Problem | Transcribe the data that follows without changing a word, and omit the pictures.

[Stored dataset items]
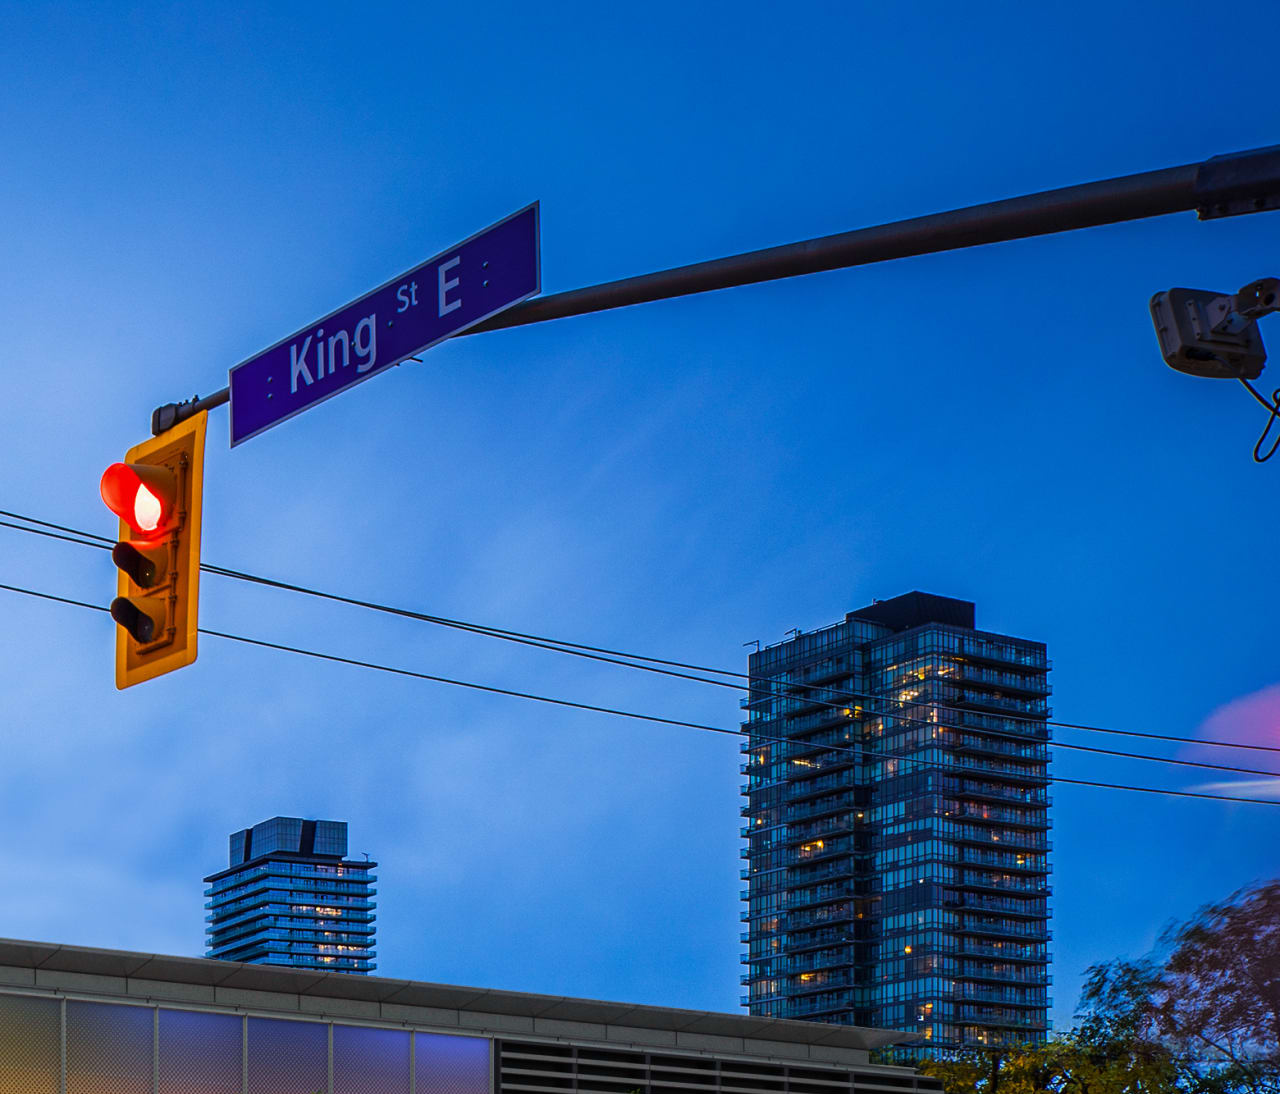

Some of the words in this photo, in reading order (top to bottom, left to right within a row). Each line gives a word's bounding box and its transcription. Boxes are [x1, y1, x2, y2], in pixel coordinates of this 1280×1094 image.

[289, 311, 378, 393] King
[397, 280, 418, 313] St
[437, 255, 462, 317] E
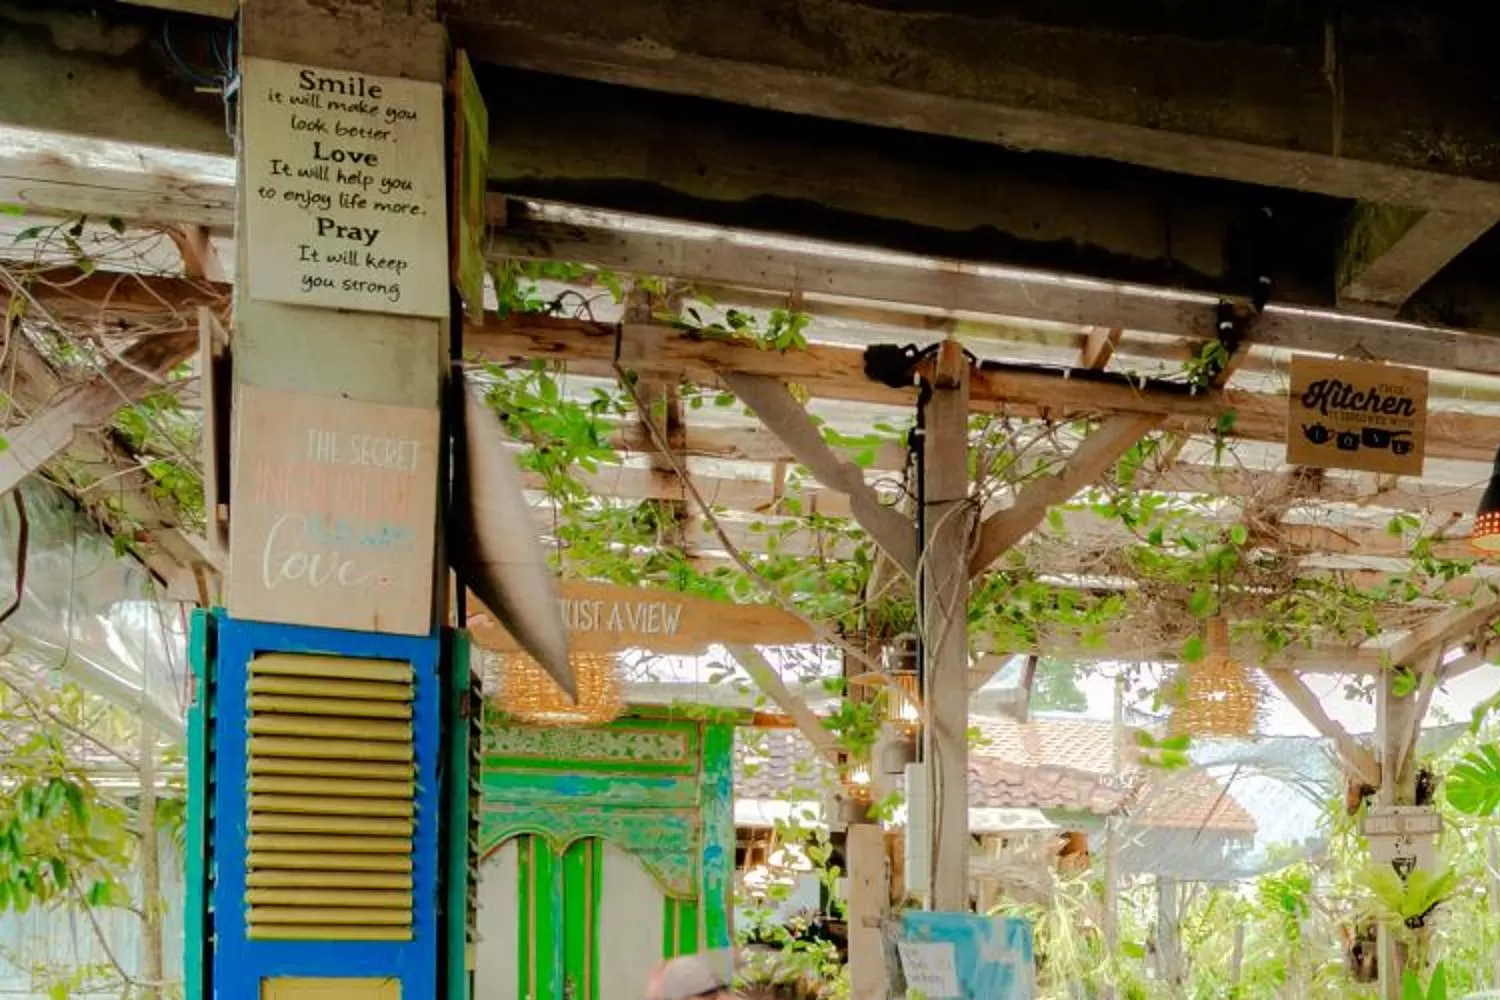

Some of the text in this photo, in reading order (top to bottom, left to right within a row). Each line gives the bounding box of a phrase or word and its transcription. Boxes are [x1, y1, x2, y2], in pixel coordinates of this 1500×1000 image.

Answer space |
Some of the words in this photo, in reading order (top to bottom, left to right within a row). Each line gives a word's bounding box and its transcription. Boxes are [x1, y1, x2, y2], in pixel coordinates of this 1280×1094 image.

[289, 311, 378, 393] King
[397, 280, 418, 313] St
[437, 255, 462, 317] E

Some of the text in this photo, in reading order (top to bottom, left to right within a row). Each line gives the bounding box of a phrase or word and its transcription. Boxes are [x1, y1, x2, y2], in pixel coordinates of this 1500×1000 image.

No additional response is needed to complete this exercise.